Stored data

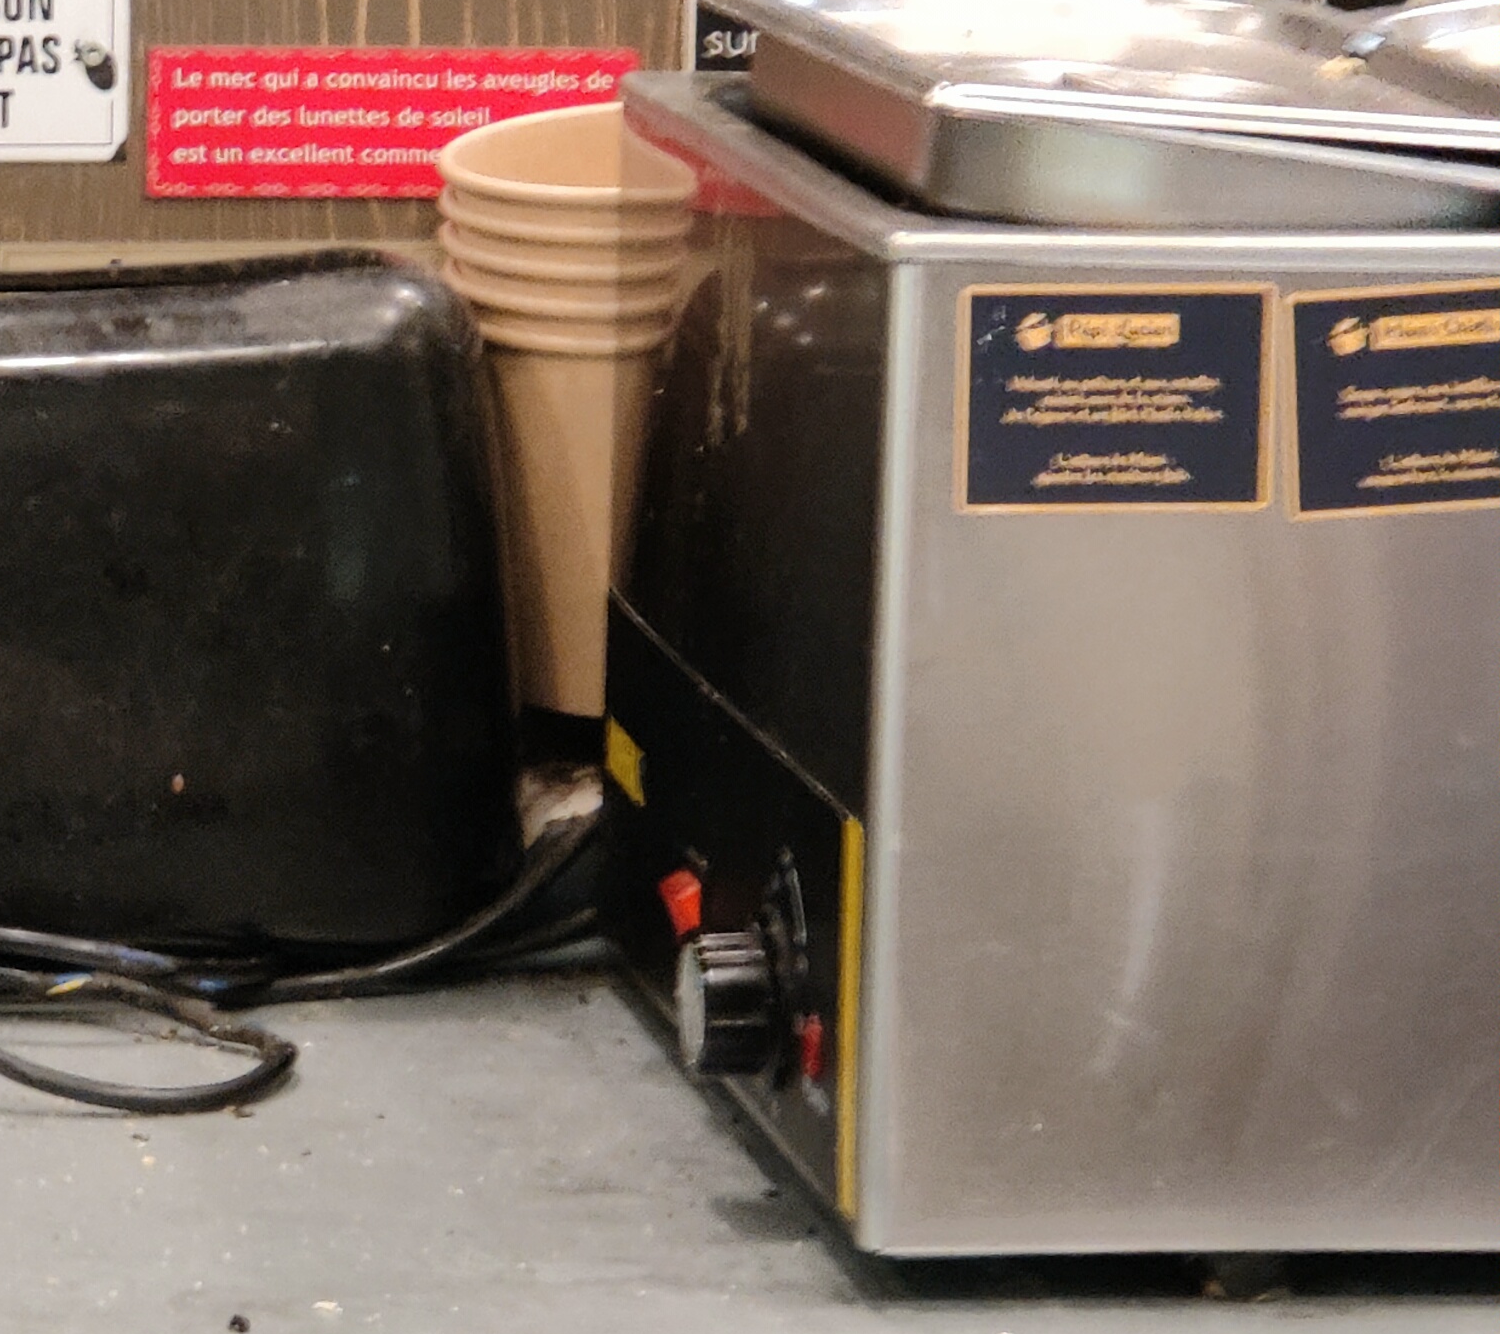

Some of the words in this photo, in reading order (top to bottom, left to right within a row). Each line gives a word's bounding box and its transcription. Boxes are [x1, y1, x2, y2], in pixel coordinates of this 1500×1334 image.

[173, 68, 204, 89] Le
[210, 71, 257, 89] mec
[264, 68, 300, 94] qui
[305, 72, 319, 89] a
[326, 68, 440, 89] convaincu
[445, 67, 478, 90] les
[483, 69, 581, 97] aveugles
[586, 68, 615, 90] de
[172, 108, 247, 131] porter
[253, 105, 292, 127] des
[299, 105, 392, 128] lunettes
[398, 104, 426, 127] de
[432, 105, 491, 128] soleil
[171, 145, 207, 166] est
[214, 147, 244, 166] un
[249, 143, 354, 166] excellent

● ACTIVITY
Retype each line above exactly and leave out any picture.

● SOLUTION TO THIS PROBLEM
Some of the words in this photo, in reading order (top to bottom, left to right within a row). Each line gives a word's bounding box and its transcription. Boxes are [x1, y1, x2, y2], in pixel coordinates of this 1500×1334 image.

[173, 68, 204, 89] Le
[210, 71, 257, 89] mec
[264, 68, 300, 94] qui
[305, 72, 319, 89] a
[326, 68, 440, 89] convaincu
[445, 67, 478, 90] les
[483, 69, 581, 97] aveugles
[586, 68, 615, 90] de
[172, 108, 247, 131] porter
[253, 105, 292, 127] des
[299, 105, 392, 128] lunettes
[398, 104, 426, 127] de
[432, 105, 491, 128] soleil
[171, 145, 207, 166] est
[214, 147, 244, 166] un
[249, 143, 354, 166] excellent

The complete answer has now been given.